• TASK DESCRIPTION:
Please repeat every entry exactly as written, but skip the pictures.

Dataset entries
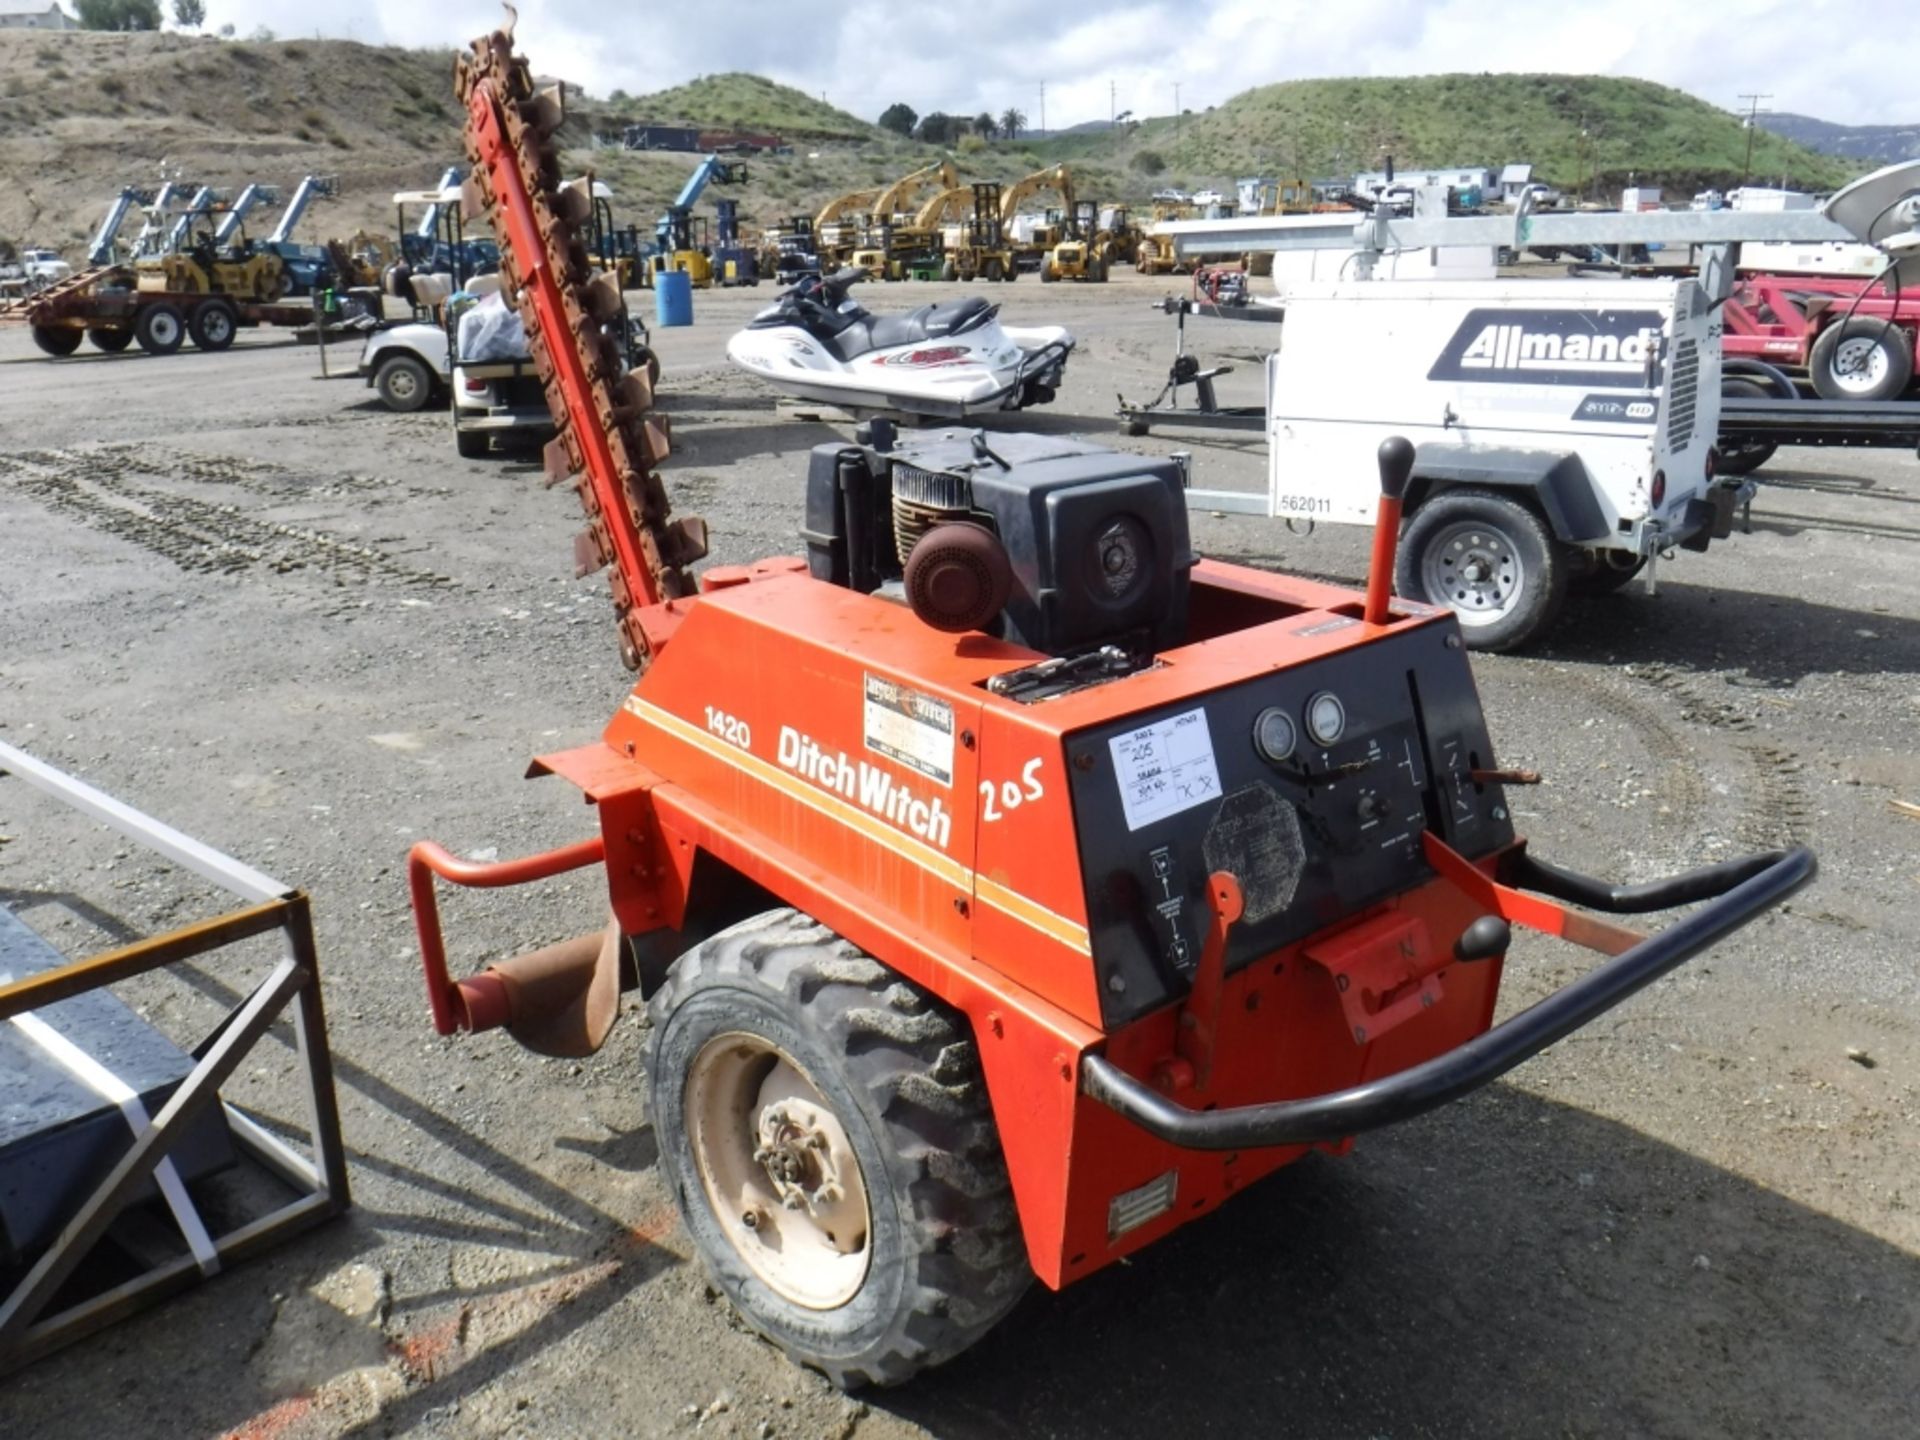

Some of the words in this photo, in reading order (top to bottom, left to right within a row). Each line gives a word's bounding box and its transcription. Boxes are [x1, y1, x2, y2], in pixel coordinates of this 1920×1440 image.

[1461, 325, 1658, 370] Allmand
[1281, 495, 1331, 512] 562011
[704, 705, 750, 750] 1420
[979, 757, 1044, 822] 205

• FINISHED EXERCISE:
Some of the words in this photo, in reading order (top to bottom, left to right within a row). Each line gives a word's bounding box and its transcription. Boxes are [x1, y1, x2, y2], in pixel coordinates of this 1920×1440 image.

[1461, 325, 1658, 370] Allmand
[1281, 495, 1331, 512] 562011
[704, 705, 750, 750] 1420
[979, 757, 1044, 822] 205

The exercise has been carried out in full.